MokaByte 50 - Marzo 2001

MokaByte 50 - Marzo 2001

Write your own full text
search engine in Java

This article is about how to write a modularized flexible full-text search engine, which is independent of protocols, documents and databases.

Do you need a link-checker facility to see if all links on your web pages refer to actual pages? Are you planning to add search functionality to your CD-ROM publications or web site?
Well then, let us see the workings of the common search engines.
A robot is a program that retrieves a particular starting URL, and then automatically walks across all the referenced URLs from the retrieved document. Some robots uses recursion to make URL connections, fetch data, extract URLs and retrieve information from the Web or File Systems.

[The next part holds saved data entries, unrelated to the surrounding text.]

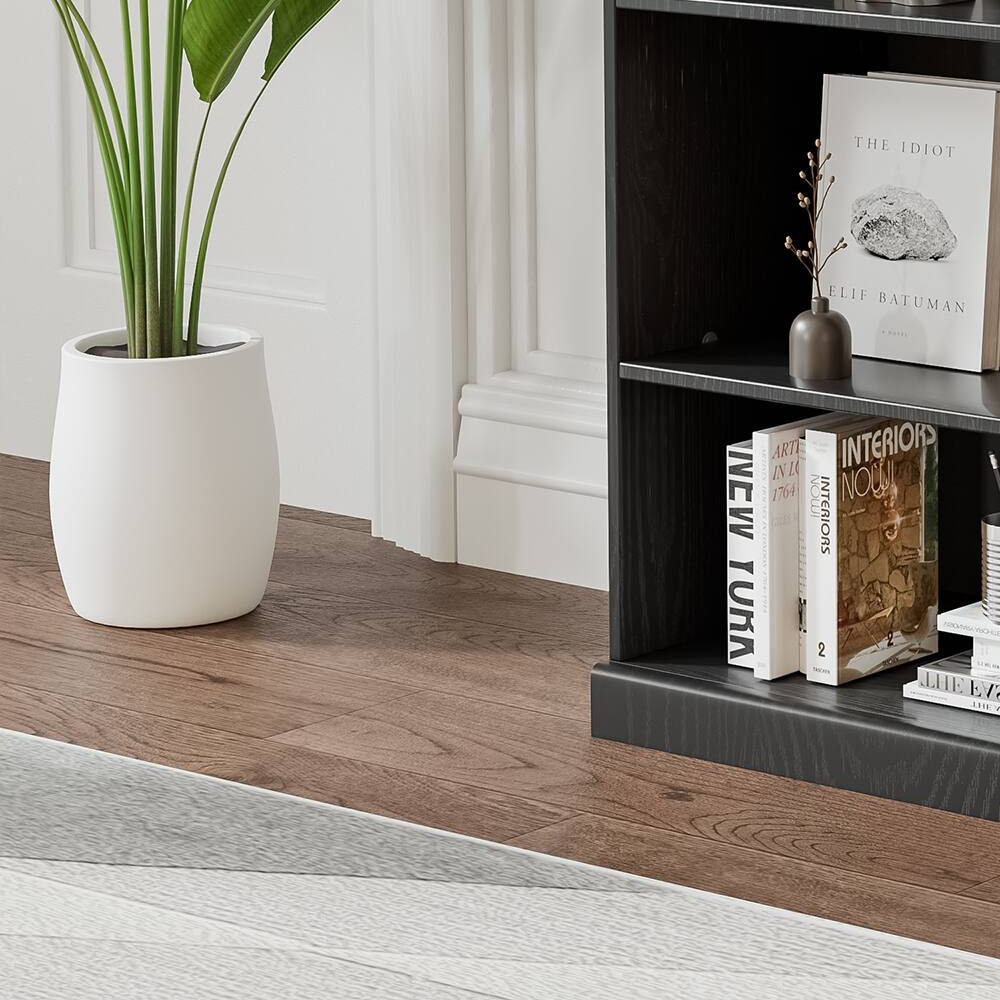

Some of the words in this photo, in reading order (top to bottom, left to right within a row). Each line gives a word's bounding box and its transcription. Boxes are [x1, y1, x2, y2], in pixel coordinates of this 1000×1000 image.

[853, 135, 890, 151] THE
[901, 141, 956, 158] IDIOT
[828, 284, 869, 302] ELIF
[879, 291, 966, 314] BATUMAN
[842, 422, 937, 469] INTERIORS
[772, 463, 787, 481] IN
[810, 473, 820, 518] NOW!
[820, 475, 831, 555] INTERIORS
[818, 642, 826, 658] 2

The gained information is filtered and added into an index database. When you submits a query request by an html form, a CGI script (Servlet or server program) running on the web server is used to process your request. After the search engine looks through this index database for keywords, you will receive a list of URLs which is order of relevance to the keywords you entered. This article includes such an extendable search engine demo program written in Java 2.

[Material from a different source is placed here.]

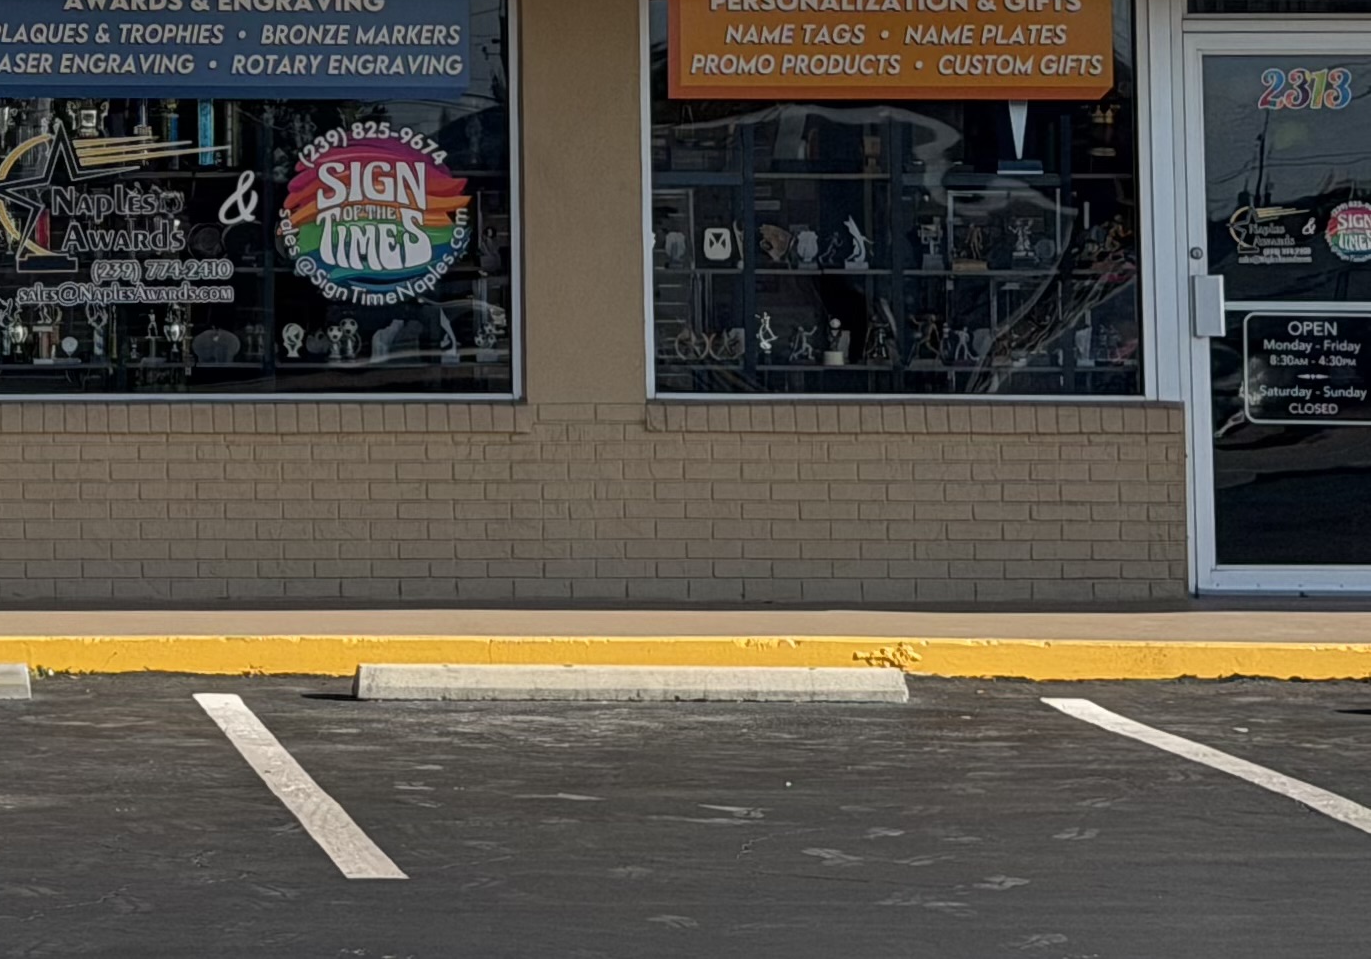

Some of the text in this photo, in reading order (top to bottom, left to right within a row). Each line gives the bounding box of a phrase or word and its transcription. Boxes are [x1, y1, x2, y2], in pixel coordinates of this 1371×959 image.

PartI: write a polite smart robot
The pseudocode for the robot is not very complicated:
    Prompt the user to enter the starting URL.
    Obtain user's starting URL.
    Add the starting URL information to the table
      of known URL information.
    Add the starting URL information to the list
      of unprocessed URL information.
    While the list of unprocessed URL information is not empty{
      Sleep the currently executing thread for one minute,
        so as not to burden a server by a large number of
        connection requests in a short space of time.
      Get an unprocessed URL information in the list of
        unprocessed URL information.
      Remove the unprocessed URL information from the list of
        unprocessed URL information.
      Mark the URL as having been retrieved.
      Create and open a communications link between the
        robot and the URL.
      If there is not a corresponding registered content
        filter for the content type of the referenced resource{
        Construct a content object to hold the file name of
        the URL as title
      }
      Else{
        Retrieve information through the communications link.
        Parse raw data by the corresponding content filter.
        Construct a content object to hold the filtered
          information, such as title, keywords, summary and text.
        Put all extracted URLs into a list.
        Scan every URL in the extracted URLs list{
          If the URL is present in the table of known URL
            information{
              Get the URL information from the table of known
              URL information.
              If the URL is a retrieved URL, continue the scan.
          }
          Else{
            Construct a URL information for the URL.
            Add the URL information to the table of known
            URL information.
          }
          If the current recursive depth is beyond the maximal
            recursive depth{
            continue the scan
          }

          If there is a list of interested URL identifiers
          and the URL doesn't contains any specific interested
          identifier{
            continue the scan
          }

          If the URL's protocol is HTTP and the Robots Exclusion
          Protocol denies a robot access to the URL}
           continue the scan
          }
          Add the URL information to the list of unprocessed
          URL information
        }
      }
      Index the filtered information in the above content
      object by a content processor.
    }
    Display an information retrieval report.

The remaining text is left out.